DATA TO PROCESS
----

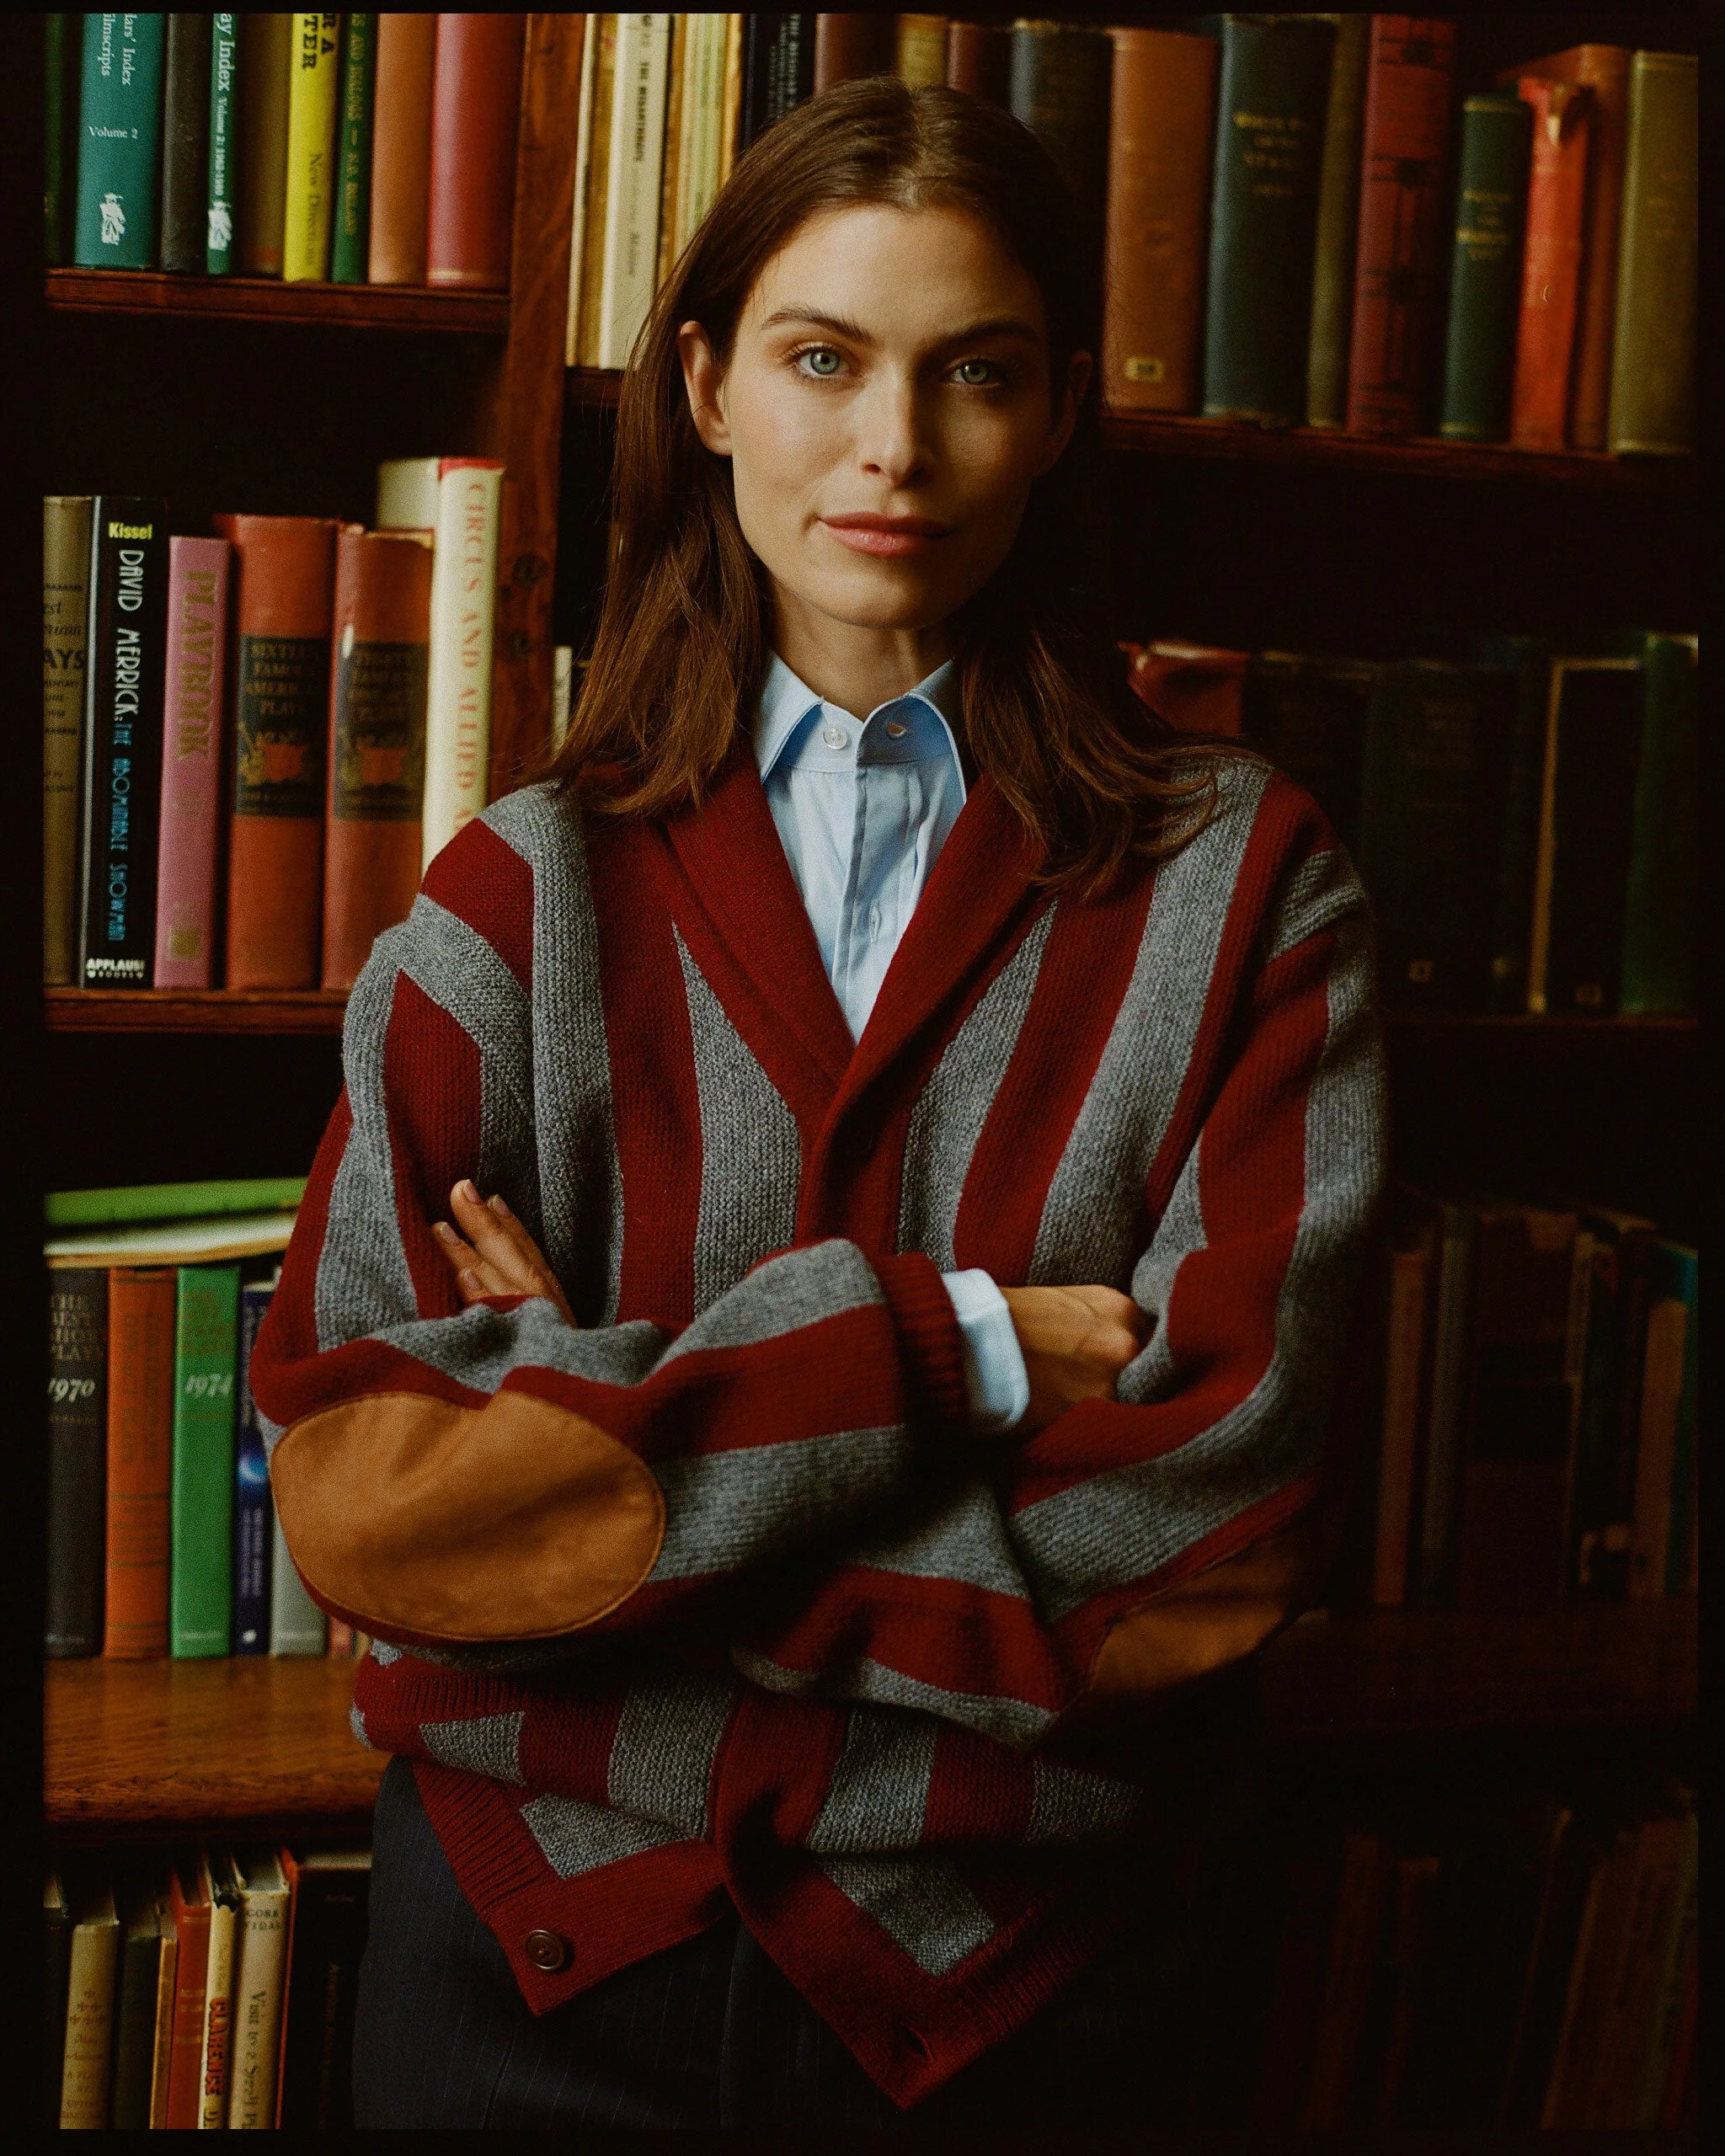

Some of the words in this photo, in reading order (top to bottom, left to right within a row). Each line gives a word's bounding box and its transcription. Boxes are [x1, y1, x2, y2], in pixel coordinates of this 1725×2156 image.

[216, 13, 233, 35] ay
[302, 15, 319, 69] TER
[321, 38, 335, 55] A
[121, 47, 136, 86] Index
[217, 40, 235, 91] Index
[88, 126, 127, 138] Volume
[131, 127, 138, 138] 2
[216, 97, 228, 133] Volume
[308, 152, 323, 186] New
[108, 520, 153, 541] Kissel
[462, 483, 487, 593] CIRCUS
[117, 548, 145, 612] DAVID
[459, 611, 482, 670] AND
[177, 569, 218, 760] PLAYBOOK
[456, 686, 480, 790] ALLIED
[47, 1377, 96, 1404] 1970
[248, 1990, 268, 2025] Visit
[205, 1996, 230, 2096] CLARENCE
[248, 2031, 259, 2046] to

----

DIRECTIONS FOR THIS TASK
Transcribe all the material exactly; skip every image.

RESULT OF THIS TASK
Some of the words in this photo, in reading order (top to bottom, left to right within a row). Each line gives a word's bounding box and its transcription. Boxes are [x1, y1, x2, y2], in pixel coordinates of this 1725×2156 image.

[216, 13, 233, 35] ay
[302, 15, 319, 69] TER
[321, 38, 335, 55] A
[121, 47, 136, 86] Index
[217, 40, 235, 91] Index
[88, 126, 127, 138] Volume
[131, 127, 138, 138] 2
[216, 97, 228, 133] Volume
[308, 152, 323, 186] New
[108, 520, 153, 541] Kissel
[462, 483, 487, 593] CIRCUS
[117, 548, 145, 612] DAVID
[459, 611, 482, 670] AND
[177, 569, 218, 760] PLAYBOOK
[456, 686, 480, 790] ALLIED
[47, 1377, 96, 1404] 1970
[248, 1990, 268, 2025] Visit
[205, 1996, 230, 2096] CLARENCE
[248, 2031, 259, 2046] to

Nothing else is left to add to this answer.